Annotated photo localization data
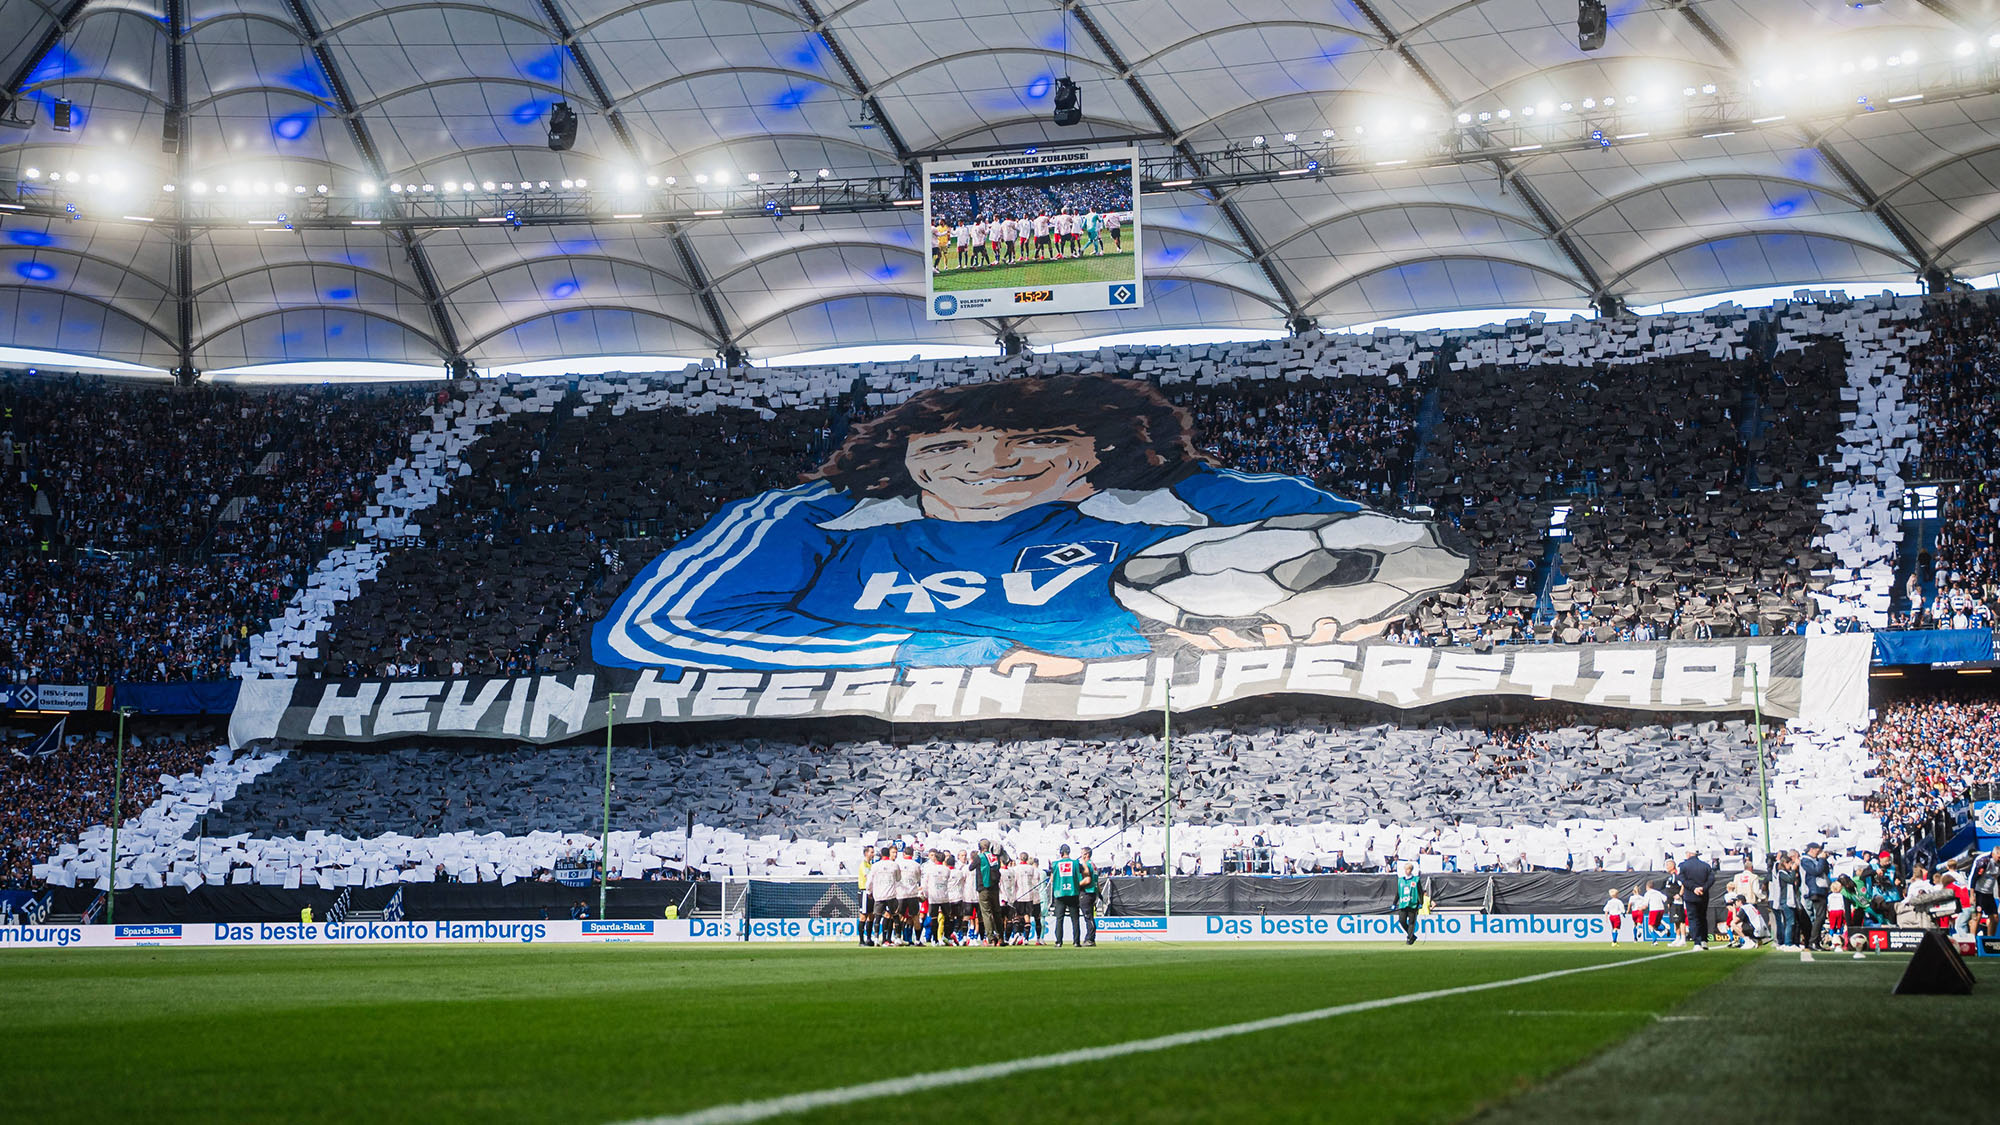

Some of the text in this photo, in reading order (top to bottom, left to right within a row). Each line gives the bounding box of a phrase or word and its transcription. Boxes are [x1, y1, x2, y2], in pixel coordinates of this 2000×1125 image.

[972, 152, 1089, 168] WILLKOMMEN ZUHAUSE!
[1016, 291, 1050, 303] 15:27
[854, 563, 1100, 613] HSV
[307, 644, 1772, 737] KEVIN KEEGAN SUPERSTAR!
[122, 926, 175, 936] Sparda-Bank
[215, 920, 546, 943] Das beste Girokonto Hamburgs
[590, 923, 646, 932] Sparda-Bank
[690, 918, 731, 937] Das
[1098, 920, 1159, 929] Sparda-Bank
[1206, 915, 1252, 934] Das
[1261, 915, 1328, 934] beste
[1470, 914, 1604, 938] Hamburgs
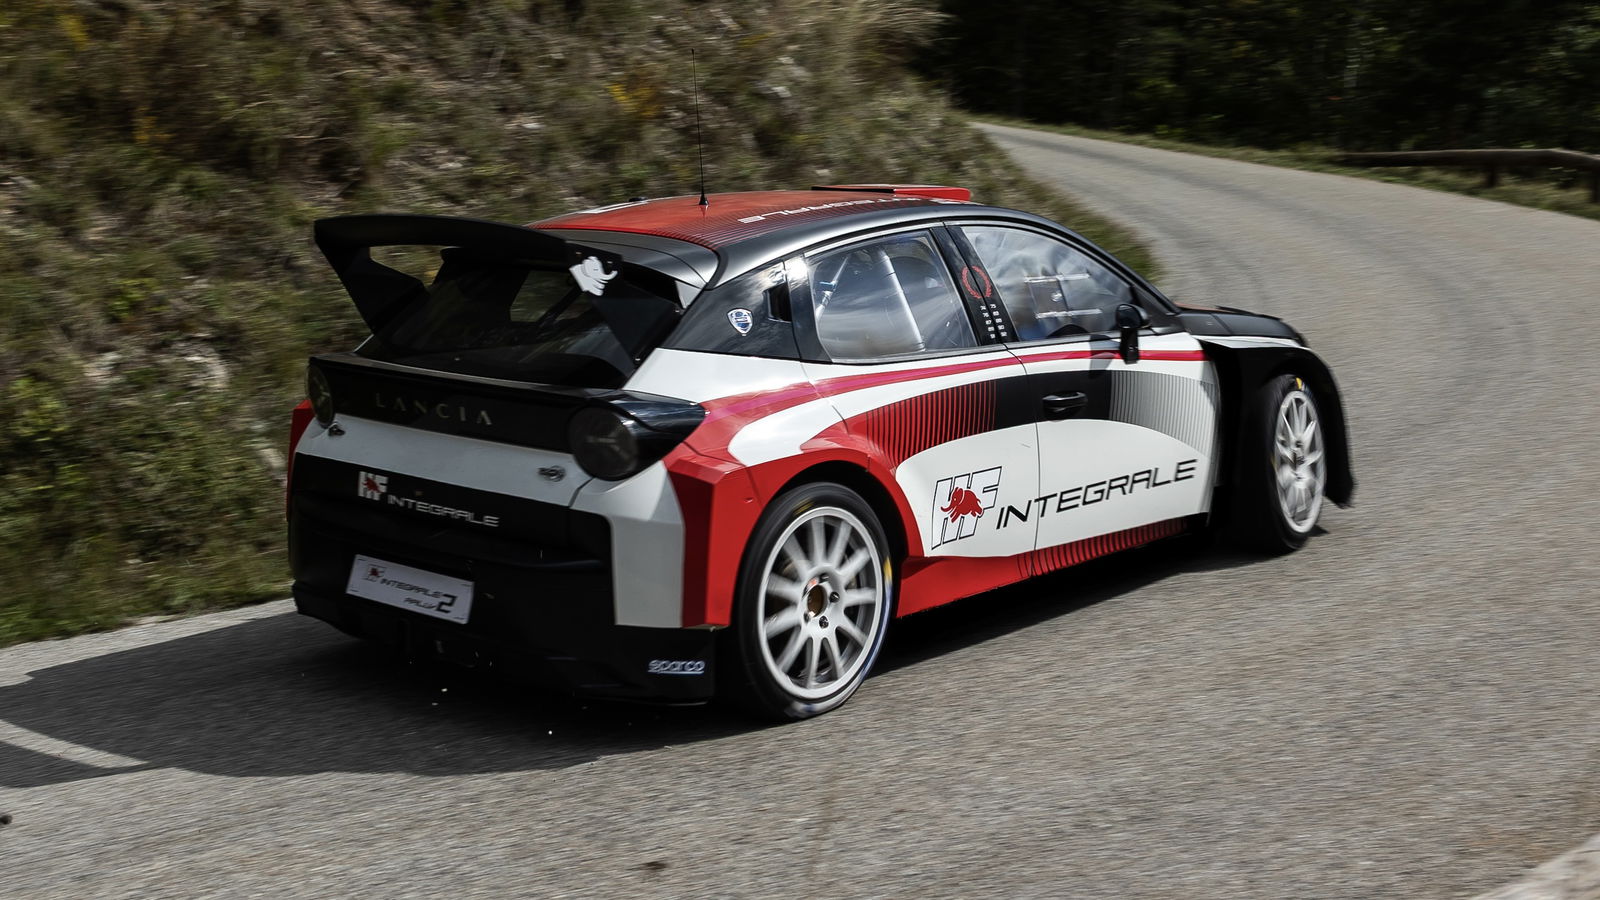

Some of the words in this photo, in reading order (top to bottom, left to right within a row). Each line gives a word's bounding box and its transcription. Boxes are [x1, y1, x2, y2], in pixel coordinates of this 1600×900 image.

[375, 392, 493, 426] LANCIA
[387, 494, 500, 527] INTEGRALE
[931, 466, 1002, 550] HF
[996, 458, 1198, 530] INTEGRALE
[434, 593, 458, 614] 2
[648, 659, 706, 675] sparco
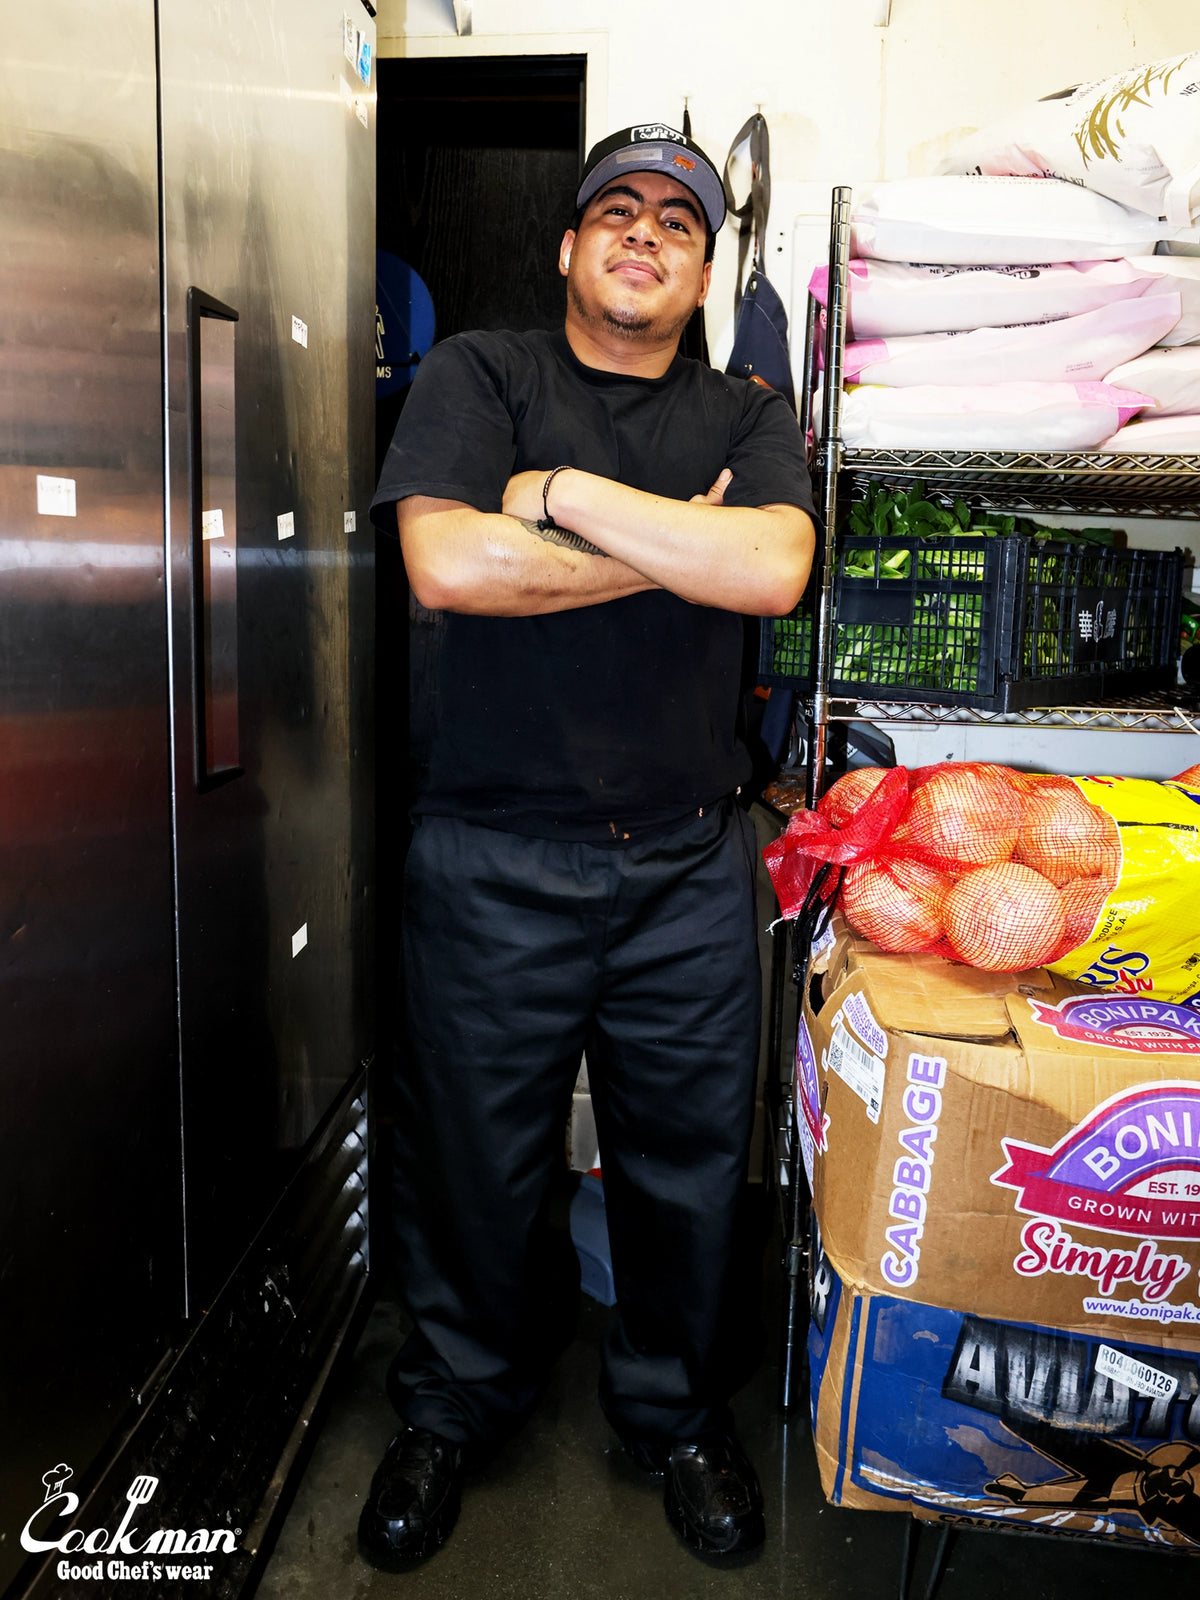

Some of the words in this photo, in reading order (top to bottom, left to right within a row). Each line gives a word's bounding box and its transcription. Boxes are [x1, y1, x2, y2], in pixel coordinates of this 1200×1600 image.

[1079, 1005, 1200, 1036] BONIPAK
[1085, 1031, 1139, 1048] GROWN
[1143, 1042, 1183, 1050] WITH
[884, 1058, 941, 1283] CABBAGE
[1148, 1181, 1179, 1195] EST.
[1068, 1196, 1152, 1223] GROWN
[1016, 1221, 1186, 1300] Simply

● **Task objective**:
Reproduce the lines above letter for letter. The pictures stay behind.

● **Task result**:
Some of the text in this photo, in reading order (top to bottom, left to right within a row). Each line gives the bounding box of a phrase or word and its transcription. Boxes are [x1, y1, x2, y2], in pixel coordinates of this 2000×1125 image.

[972, 152, 1089, 168] WILLKOMMEN ZUHAUSE!
[1016, 291, 1050, 303] 15:27
[854, 563, 1100, 613] HSV
[307, 644, 1772, 737] KEVIN KEEGAN SUPERSTAR!
[122, 926, 175, 936] Sparda-Bank
[215, 920, 546, 943] Das beste Girokonto Hamburgs
[590, 923, 646, 932] Sparda-Bank
[690, 918, 731, 937] Das
[1098, 920, 1159, 929] Sparda-Bank
[1206, 915, 1252, 934] Das
[1261, 915, 1328, 934] beste
[1470, 914, 1604, 938] Hamburgs

Some of the words in this photo, in reading order (top to bottom, left to right within a row). Each line gives a word's bounding box and its transcription. Boxes are [x1, y1, x2, y2], in pixel coordinates of this 1600×900 image.

[375, 392, 493, 426] LANCIA
[387, 494, 500, 527] INTEGRALE
[931, 466, 1002, 550] HF
[996, 458, 1198, 530] INTEGRALE
[434, 593, 458, 614] 2
[648, 659, 706, 675] sparco

Some of the words in this photo, in reading order (top to bottom, left to right within a row). Each line gives a word's bounding box and its transcription. Boxes are [x1, y1, x2, y2], in pixel coordinates of this 1200×1600 image.

[1079, 1005, 1200, 1036] BONIPAK
[1085, 1031, 1139, 1048] GROWN
[1143, 1042, 1183, 1050] WITH
[884, 1058, 941, 1283] CABBAGE
[1148, 1181, 1179, 1195] EST.
[1068, 1196, 1152, 1223] GROWN
[1016, 1221, 1186, 1300] Simply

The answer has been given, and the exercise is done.